A los 28 años ya no es solo un buen fichaje; es parte del esqueleto del vestuario. La salida de Séamus Coleman dejó un vacío emocional y de jerarquía que el club ha intentado cubrir con un nuevo grupo de liderazgo. El nombre de Dewsbury-Hall está ahí.
“Como Séamus ha dejado un hueco tan grande, necesitamos un grupo de jugadores con experiencia para tirar juntos, mantener los estándares altos y empujar al resto”, explica. “Somos los más experimentados: [Jordan] Pickford, Tarky [James Tarkowski, nuevo capitán], Jimmy [James Garner], yo… Los que llevamos años en la Premier League o sentimos que estamos asentados en el club”.
Ser elegido tras solo una temporada en Goodison Park no es un detalle menor. “Es bonito, pero es el impacto que quería tener. Me alegra mucho que los compañeros me vean como alguien importante para el vestuario”.
El chico que no dejaron marcharse
Esa responsabilidad también se nota en su relación con Harrison Armstrong, el centrocampista de 19 años que estuvo a un paso de irse a Nottingham Forest antes del cierre del mercado.

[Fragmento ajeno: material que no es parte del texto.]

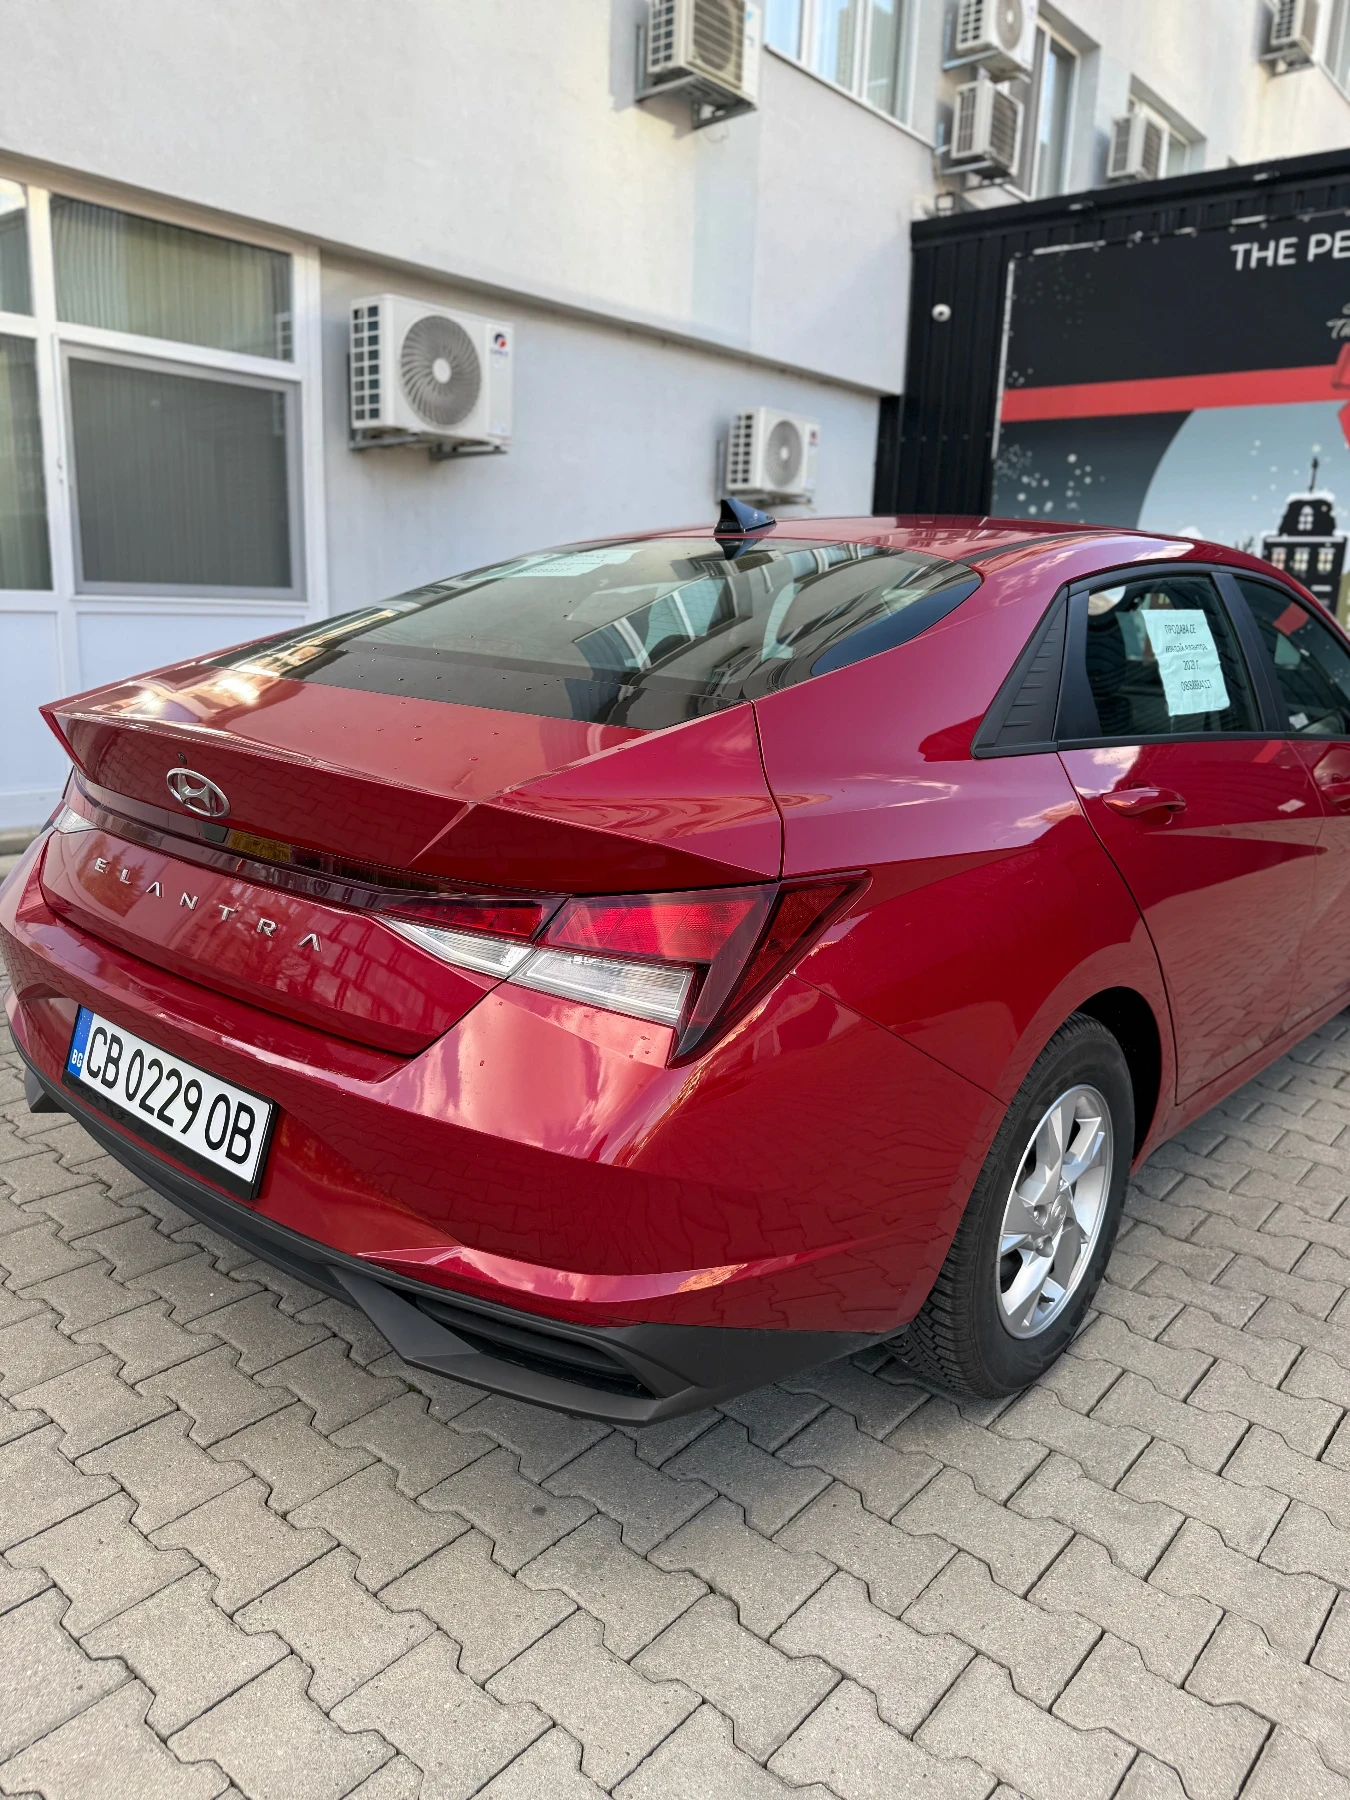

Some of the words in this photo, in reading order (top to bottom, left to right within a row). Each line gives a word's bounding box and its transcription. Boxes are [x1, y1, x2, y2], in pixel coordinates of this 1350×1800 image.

Todo cambió en Bournemouth, cuando la afición de Everton estalló contra la posible salida y forzó un giro radical desde los despachos.

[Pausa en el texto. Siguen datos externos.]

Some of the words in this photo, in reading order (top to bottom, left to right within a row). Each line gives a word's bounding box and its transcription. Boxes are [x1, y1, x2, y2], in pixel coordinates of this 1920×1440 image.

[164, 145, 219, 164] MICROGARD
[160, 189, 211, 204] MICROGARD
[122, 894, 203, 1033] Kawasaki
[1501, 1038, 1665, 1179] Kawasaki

“Desde luego hicieron saber lo que pensaban y, obviamente, funcionó”, reconoce Dewsbury-Hall. “Un gran mérito para ellos, estuvieron increíbles ese día. Y sé seguro que eso hizo que Harrison se sintiera muy bien y le ayudó. Es un chico muy confiado y muy respetado en el vestuario para la edad que tiene”.
Dewsbury-Hall se ha colocado a su lado. Como mentor… y como aguafiestas de vez en cuando. “Si puedo ayudarle en algo, lo haré. En el tiro seguro, porque su disparo a veces no es el mejor, y se lo he dicho muchas veces. Pero tiene prácticamente todo lo demás. Siempre le gusta decir que tiene mejor golpeo que yo, así que le digo que mire el gol al Palace en la primera jornada o el gol al Wolves de la temporada pasada. Tenemos buen ‘banter’”.
Más allá de la broma, el mensaje es claro: Armstrong forma parte del presente, no solo del futuro. Y eso, en una plantilla corta, pesa.
Europa, copas y una llamada que se acerca
El objetivo de Dewsbury-Hall no se esconde detrás de tópicos. Lo dice sin disfraz: clasificación europea, una buena trayectoria en las copas, mejorar su juego en general y, por fin, su primera llamada con Inglaterra. Su nivel no ha pasado desapercibido para Thomas Tuchel, que anunciará su lista el próximo viernes.
“Sé que ahora estoy más cerca que nunca”, admite. El proceso es frío, pero dice mucho. “Te llega un mensaje dos semanas antes de que salga la lista. Lo recibí para la prelista del Mundial y lo he vuelto a recibir para estos próximos partidos. Es agradable. Significa que lo estás haciendo bien”.
El texto, cuenta, es tan largo como contundente. “Es un mensaje muy largo. Te dice que es un requisito legal para nosotros, la Federación, avisarte con antelación de que estás en la terna y que debes estar disponible en esas fechas. Es una buena sensación porque piensas: ‘Vale, estoy cerca’, pero sabes que tienes que apretar hasta el último minuto. Depende de mí. Soy yo quien tiene que forzar su mano para que me elija. No me lo van a regalar”.
En Goodison lo tienen claro: tampoco le van a regalar nada a Everton. Plantilla corta, dudas fuera, exigencia máxima dentro. Dewsbury-Hall y los suyos han elegido una respuesta distinta al ruido: apretar los dientes, mirar alrededor del vestuario y repetir casi como un mantra interno.
“Top player, top player, top player”.
La temporada dirá si basta para volver a Europa o si el mercado dejó una herida más profunda de lo que el grupo admite. Pero este Everton ya ha decidido que no va a esperar a que nadie lo salve.